Jane Ruth Aceng (born 11 May 1968) is a Ugandan pediatrician and politician. She is the Minister of Health in the Cabinet of Uganda. She was appointed to that position on 6 June 2016. Before that, from June 2011 until June 2016, she served as the Director General of Medical Services in the Ugandan Ministry of Health.

Background and education
Aceng was born on 11 May 1968. She attended Shimoni Primary School in Kampala, Uganda's capital city. She studied at Nabisunsa Girls Secondary School for both her Ordinary and Advanced Level education. She holds a Bachelor of Medicine and Bachelor of Surgery, a Master of Medicine in Pediatrics, and a Master of Public Health, all from the Makerere University College of Health Sciences. She also holds a Diploma in Health Systems Management awarded by the Galilee International Management Institute, in Israel.

Career
Aceng began serving as a medical officer in the health ministry. At the time she was appointed Director General of Medical Services, she was serving as executive director of Lira Regional Referral Hospital.

Other considerations
Aceng is a member of the board of directors of the Infectious Diseases Institute. She also served as a member of the board of Uganda National Medical Stores, the pharmaceutical procurement and distribution arm of the health ministry, from 2005 until 2016.

Political career
In July 2020, Dr Jane Ruth Aceng declared her intentions to contest for the position of Women Representative for Lira District, in the 11th Parliament (2021 - 2026). She intends to run on the ruling National Resistance Movement political party ticket.

Controversy
As early as 2014, three variables in the national health system began to converge to the level of a crisis. 
 Uganda has at least 8 public and private medical schools, graduating close to 500 medical doctors annually. Before they receive their medical licenses, each doctor has to undergo 12 months of rigorous supervision under a consultant physician or surgeon. 
 Due to poor pay, dilapidated equipment, lack of resources including medication and a poor work environment, many Ugandan medical and surgical consultants have left to work in better environments in other countries. 
 The small national healthcare budget leaves the health ministry with insufficient funds to pay the few consultants left, the senior house officers (SHOs) training to become consultants, and the ever-increasing number of interns working so they can get licensed.
As a consequence, the ministry of health has been pitted against the SHOs who are not compensated at all and the interns who are poorly and irregularly paid.
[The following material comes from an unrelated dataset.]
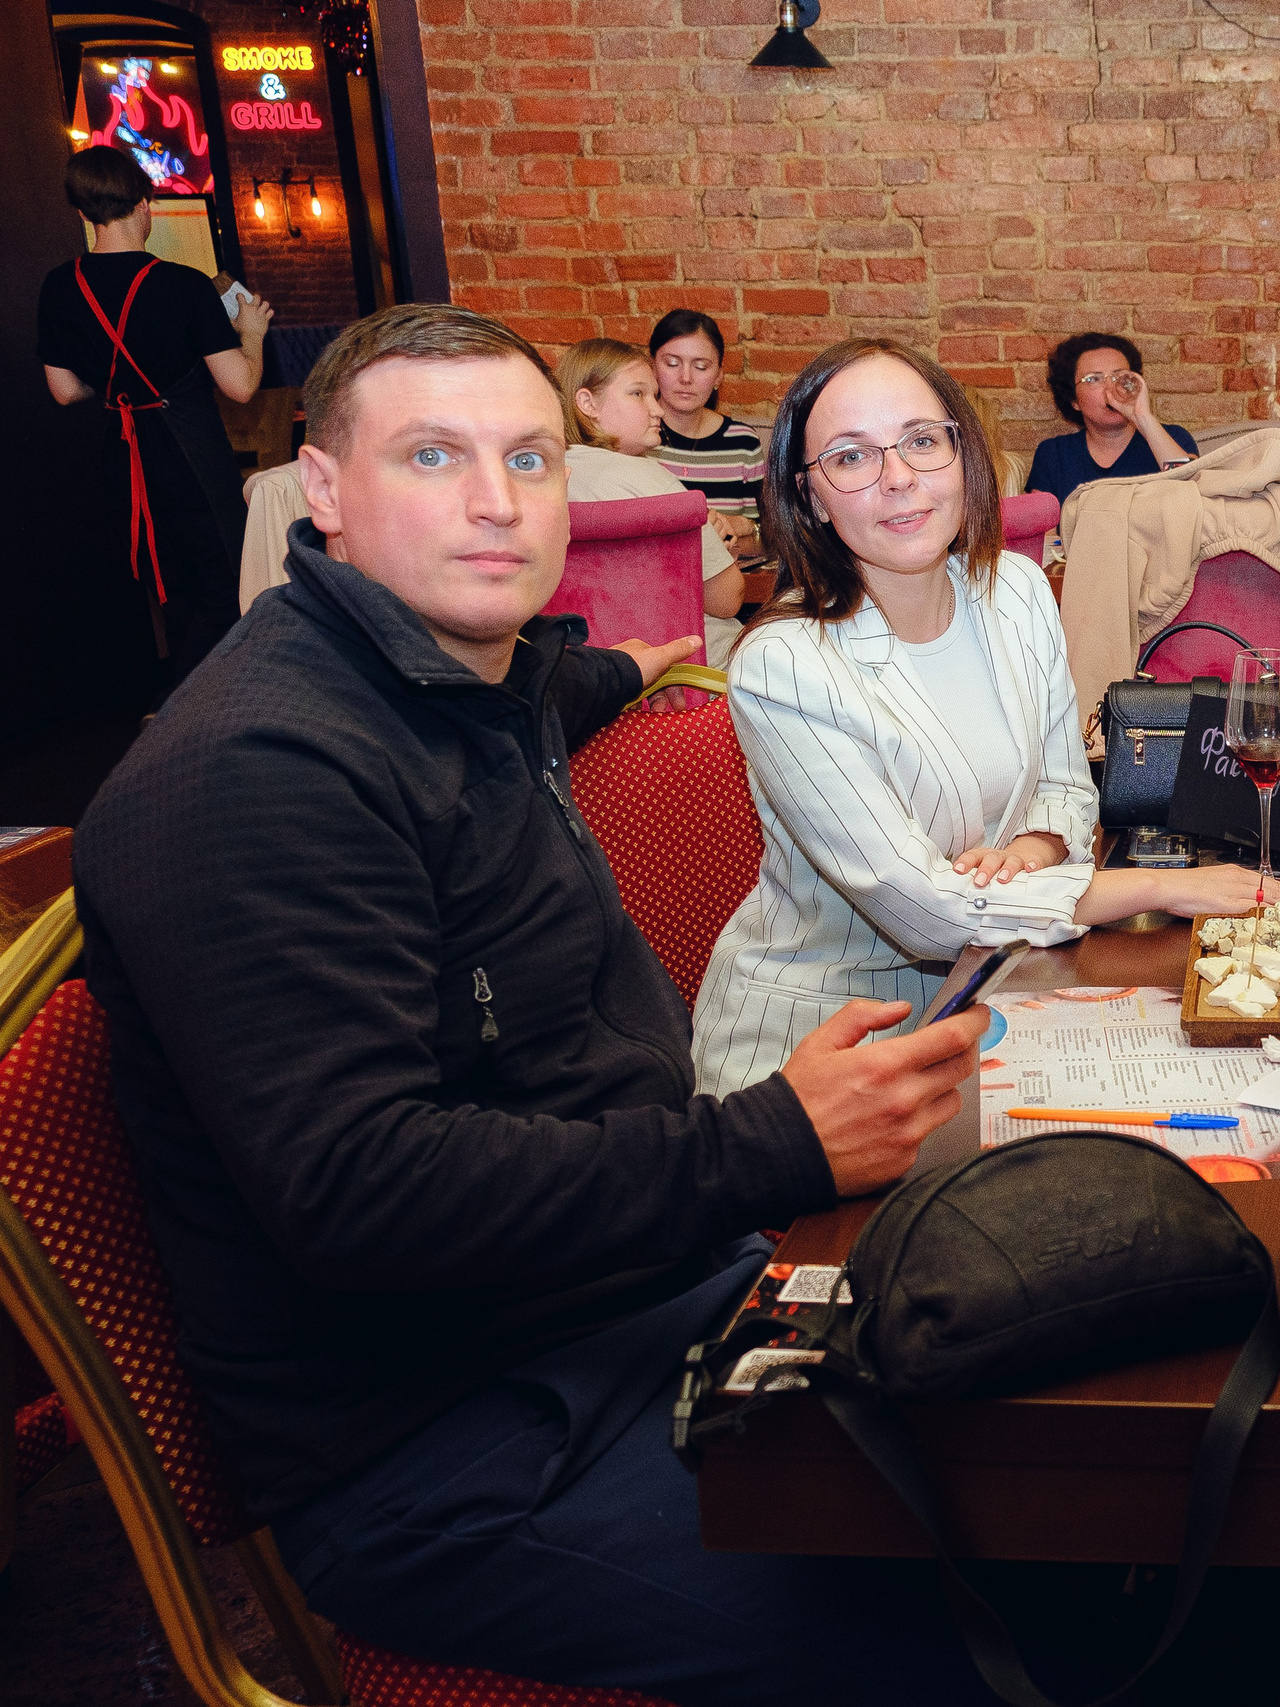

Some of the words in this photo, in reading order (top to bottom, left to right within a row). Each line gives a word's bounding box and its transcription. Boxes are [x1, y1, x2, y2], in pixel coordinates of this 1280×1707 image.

[222, 46, 314, 71] SMOKE
[260, 73, 286, 100] &
[230, 102, 322, 130] GRILL
In an attempt to conserve funds, Aceng as minister has accused some universities of graduating too many substandard doctors, although both the Uganda Medical and Dental Practitioners Council (UMDPC) and the East African Community Medical and Dental Practitioners Boards and Councils disagree with her. These are the statutory government agencies in the East African Community which are mandated to maintain the standard of medical and dental training and physician and dentist competency.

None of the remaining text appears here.